## EXERCISE DIRECTIONS
Only the line containing "this 1280×1707 image." and those after it, up to the end of the records below, are to be set down, exactly as written.

———

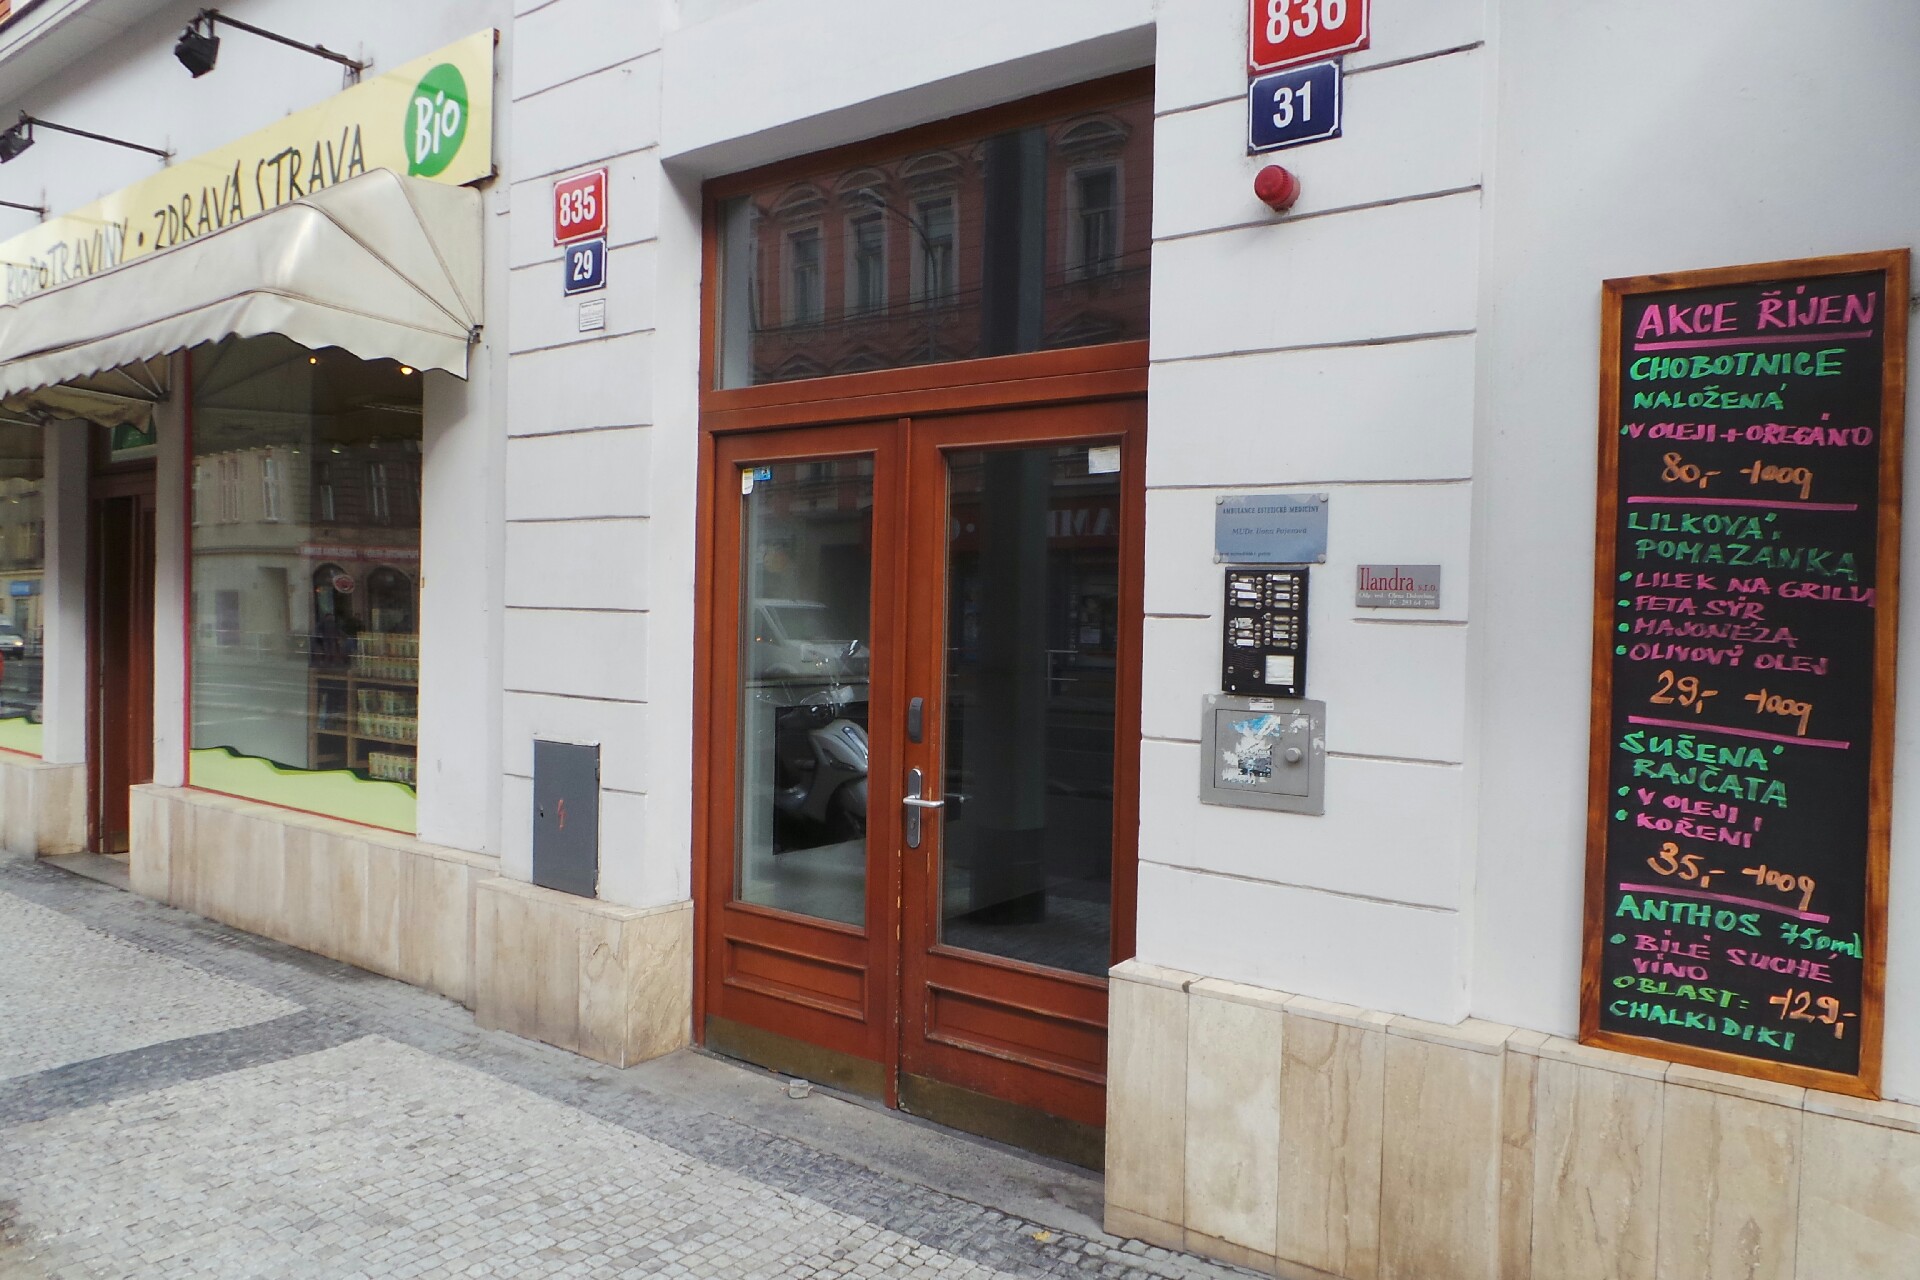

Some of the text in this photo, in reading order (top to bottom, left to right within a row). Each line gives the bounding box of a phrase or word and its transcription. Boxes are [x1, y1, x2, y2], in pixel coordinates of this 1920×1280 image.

[1273, 80, 1311, 129] 31
[256, 124, 365, 211] STRAVA
[559, 185, 595, 226] 835
[573, 250, 593, 281] 29
[1635, 301, 1738, 339] AKCE
[1629, 348, 1846, 381] CHOBOTNICE
[1633, 383, 1787, 410] NALOŽENÁ
[1628, 422, 1645, 438] V
[1418, 584, 1438, 592] s.r.o.
[1634, 572, 1718, 591] LILEK
[1727, 577, 1772, 595] NA
[1635, 595, 1765, 620] FETA SÝR
[1754, 654, 1829, 675] OLEJ
[1633, 758, 1788, 808] RAJČATA
[1637, 787, 1739, 823] V OLEJI
[1615, 894, 1761, 937] ANTHOS
[1609, 1000, 1795, 1051] CHALKIDIKI
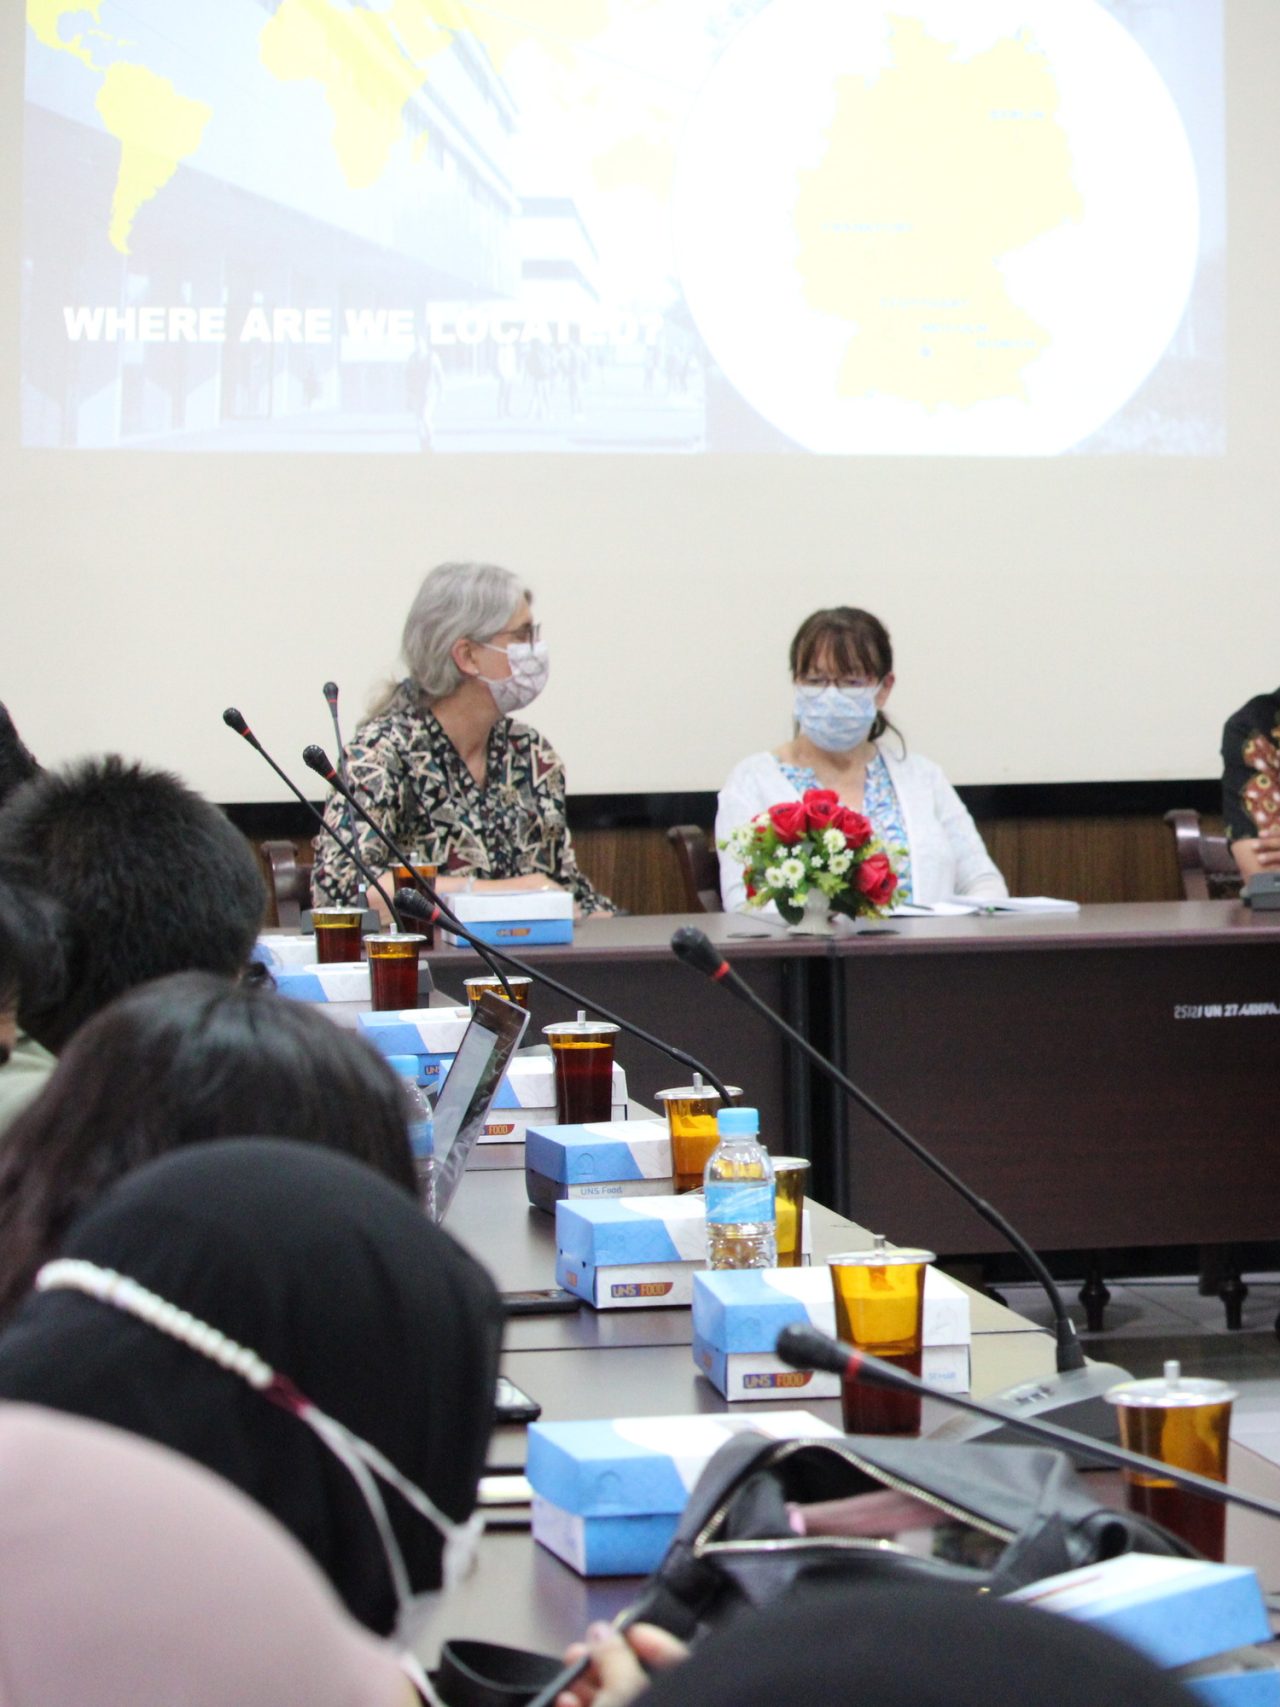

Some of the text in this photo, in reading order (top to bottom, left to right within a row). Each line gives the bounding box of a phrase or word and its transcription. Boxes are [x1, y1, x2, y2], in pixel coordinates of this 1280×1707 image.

[63, 306, 227, 342] WHERE
[239, 307, 331, 343] ARE
[344, 308, 415, 343] WE
[612, 1282, 665, 1297] UNS FOOD
[745, 1372, 804, 1388] UNS FOOD

———

## REPLY
Some of the text in this photo, in reading order (top to bottom, left to right within a row). Each line gives the bounding box of a phrase or word and its transcription. Boxes are [x1, y1, x2, y2], in pixel coordinates of this 1280×1707 image.

[63, 306, 227, 342] WHERE
[239, 307, 331, 343] ARE
[344, 308, 415, 343] WE
[612, 1282, 665, 1297] UNS FOOD
[745, 1372, 804, 1388] UNS FOOD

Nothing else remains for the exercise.